Segment Start: Data shown

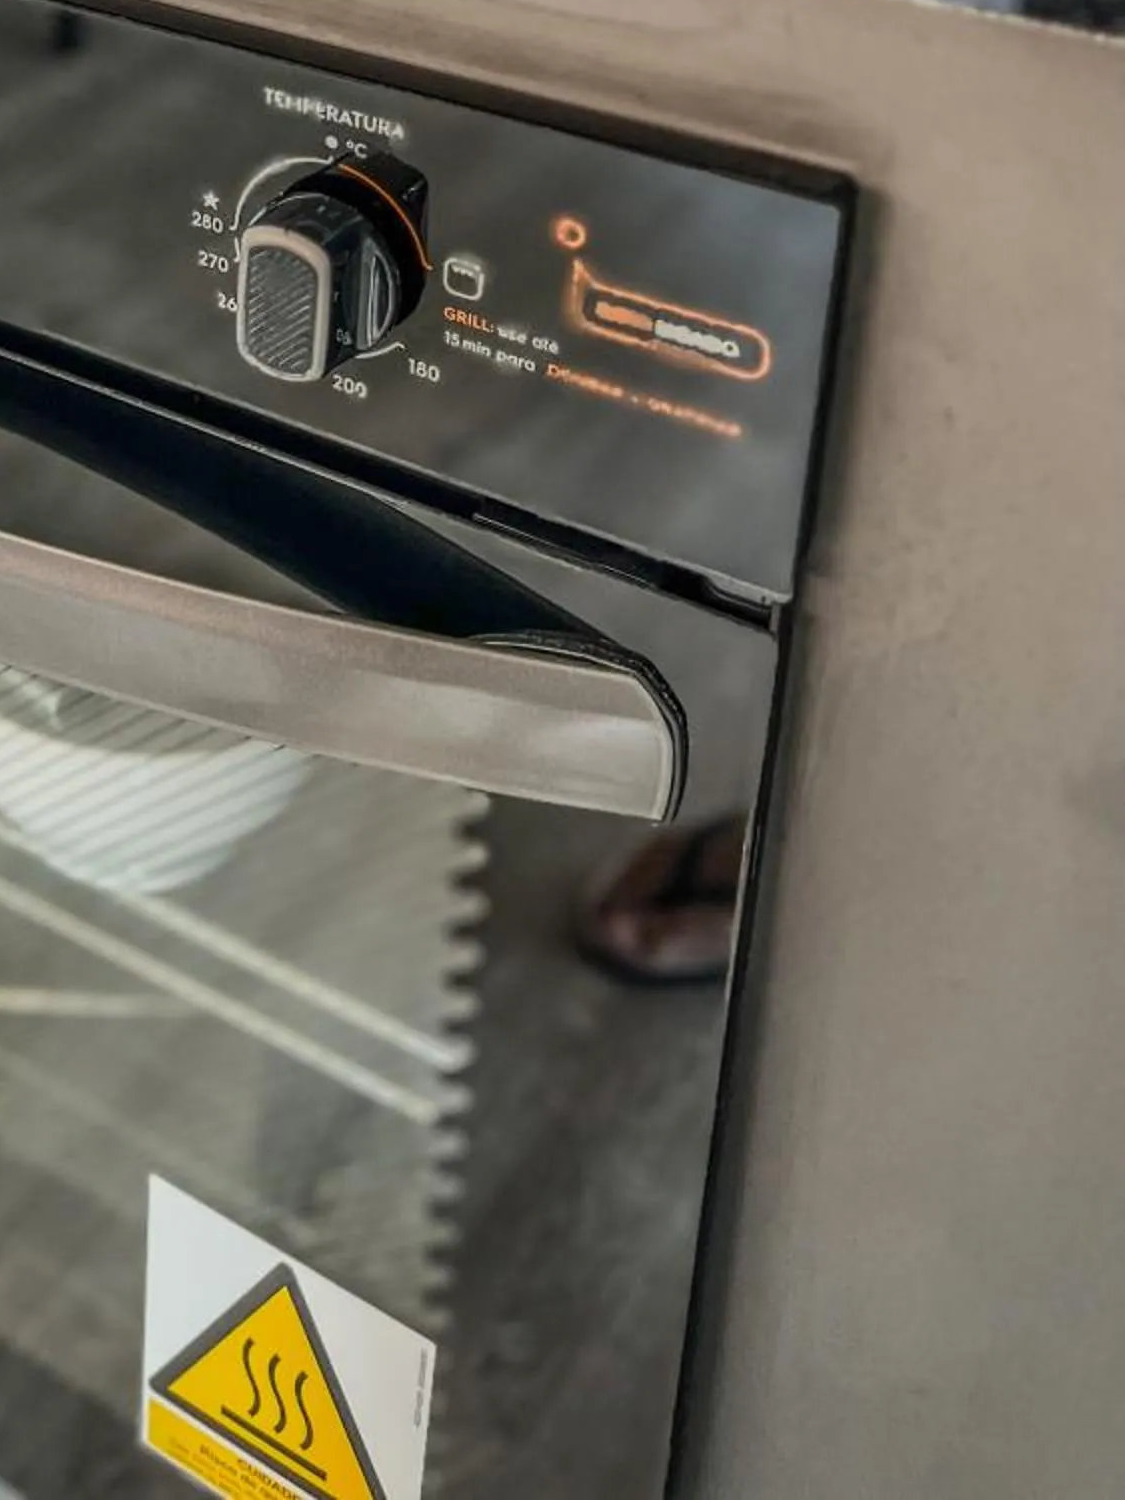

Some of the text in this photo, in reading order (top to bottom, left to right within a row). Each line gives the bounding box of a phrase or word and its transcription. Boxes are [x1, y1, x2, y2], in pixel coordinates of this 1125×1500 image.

[263, 86, 404, 140] TEMPERATURA
[191, 211, 223, 233] 280
[198, 250, 229, 273] 270
[217, 291, 237, 312] 26
[444, 307, 494, 333] GRILL:
[444, 331, 535, 372] 15 min para
[408, 357, 440, 382] 180
[332, 373, 367, 398] 200

Segment End: Data shown

Your instructions
Copy all of the records verbatim, omitting the pictures.

Answer box
Some of the text in this photo, in reading order (top to bottom, left to right within a row). Each line gives the bounding box of a phrase or word and its transcription. Boxes are [x1, y1, x2, y2], in pixel coordinates of this 1125×1500 image.

[263, 86, 404, 140] TEMPERATURA
[191, 211, 223, 233] 280
[198, 250, 229, 273] 270
[217, 291, 237, 312] 26
[444, 307, 494, 333] GRILL:
[444, 331, 535, 372] 15 min para
[408, 357, 440, 382] 180
[332, 373, 367, 398] 200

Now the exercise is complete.